Task statement: Every record that follows must be duplicated exactly, with images left out.

Records provided:
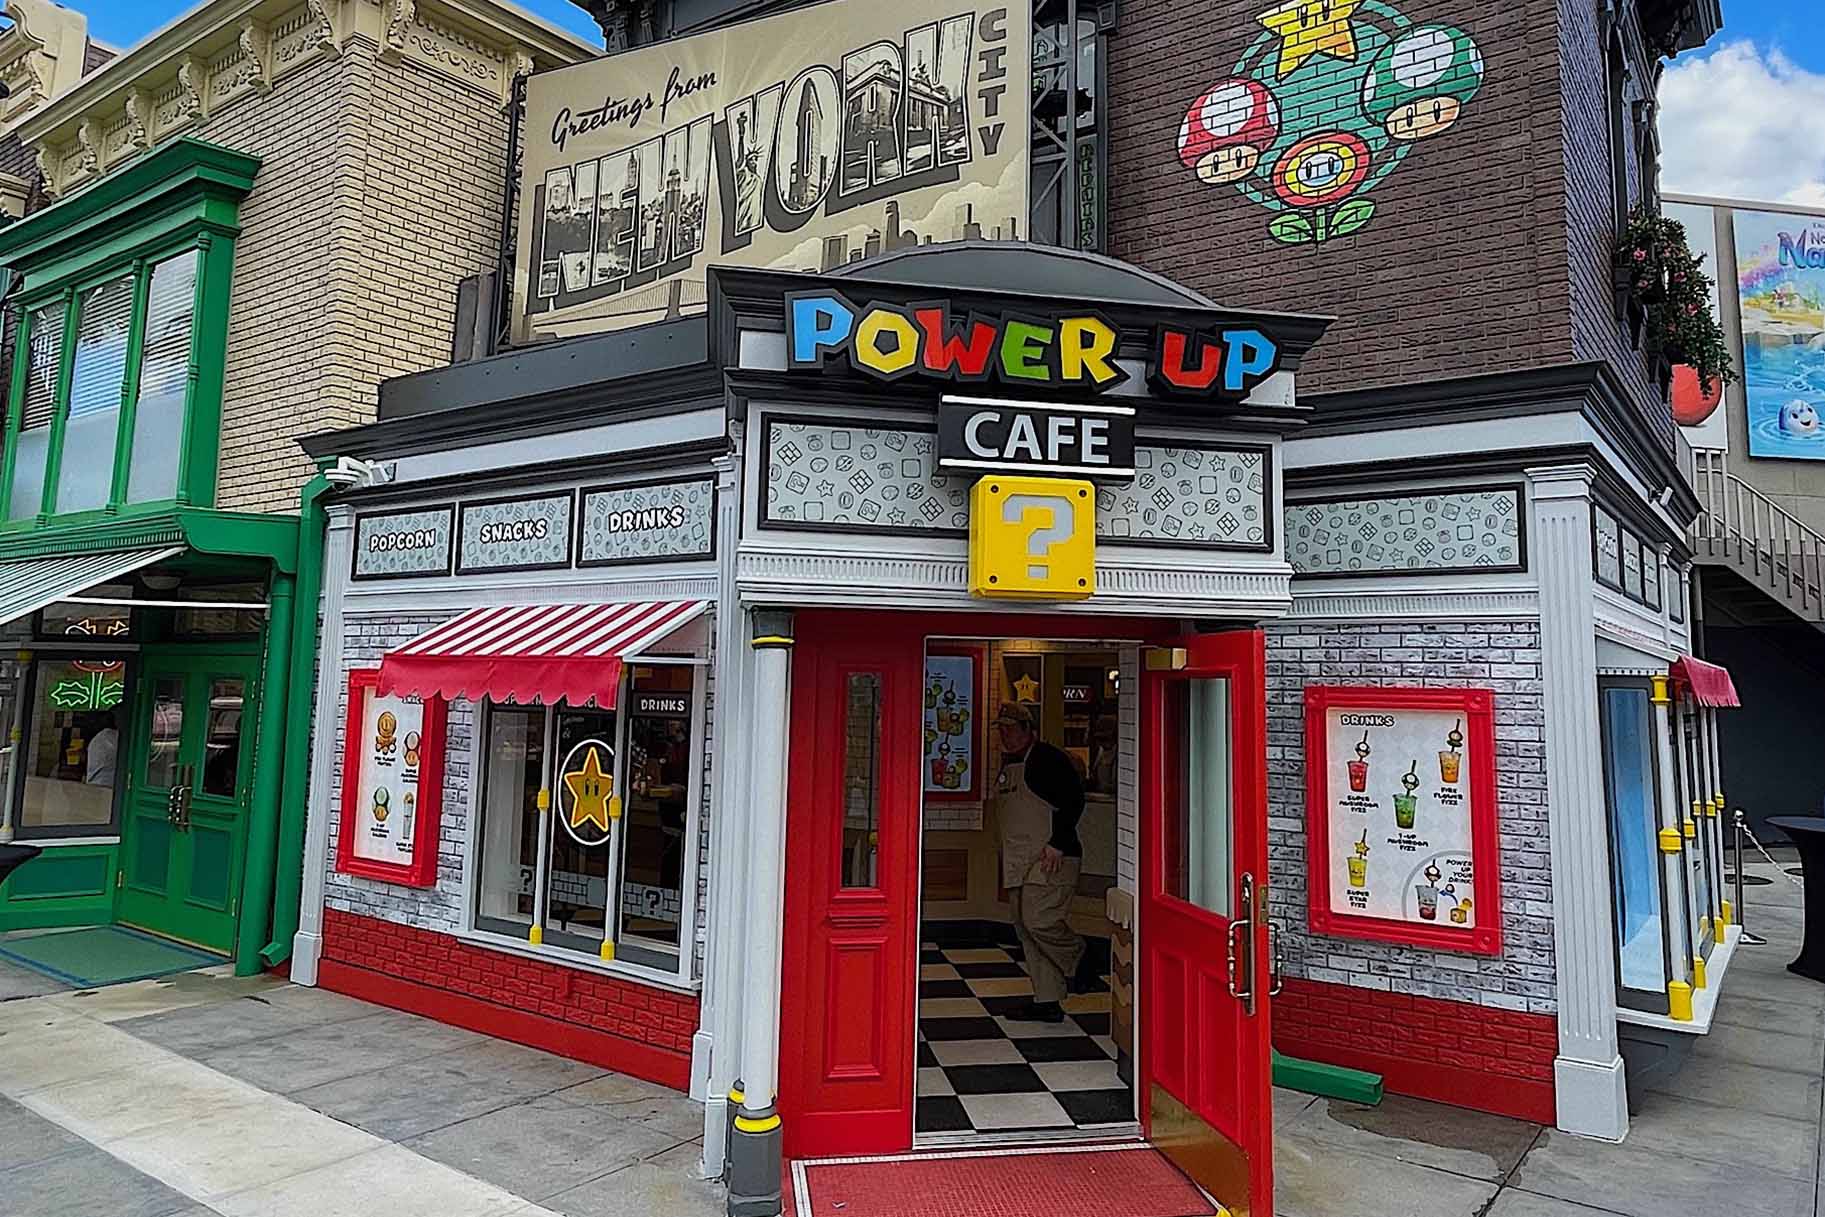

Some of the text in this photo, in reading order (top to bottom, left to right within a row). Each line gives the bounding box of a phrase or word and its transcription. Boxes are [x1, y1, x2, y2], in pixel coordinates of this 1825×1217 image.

[977, 8, 1007, 156] CITY
[551, 66, 717, 152] Greetings from
[537, 12, 975, 300] NEW YORK
[790, 294, 1279, 391] POWER UP
[964, 410, 1109, 464] CAFE
[369, 528, 436, 552] POPCORN
[480, 518, 547, 544] SNACKS
[608, 505, 685, 534] DRINKS
[640, 698, 685, 712] DRINKS
[1340, 713, 1395, 727] DRINKS

Task solution:
Some of the text in this photo, in reading order (top to bottom, left to right within a row). Each line gives the bounding box of a phrase or word and its transcription. Boxes are [x1, y1, x2, y2], in pixel coordinates of this 1825×1217 image.

[977, 8, 1007, 156] CITY
[551, 66, 717, 152] Greetings from
[537, 12, 975, 300] NEW YORK
[790, 294, 1279, 391] POWER UP
[964, 410, 1109, 464] CAFE
[369, 528, 436, 552] POPCORN
[480, 518, 547, 544] SNACKS
[608, 505, 685, 534] DRINKS
[640, 698, 685, 712] DRINKS
[1340, 713, 1395, 727] DRINKS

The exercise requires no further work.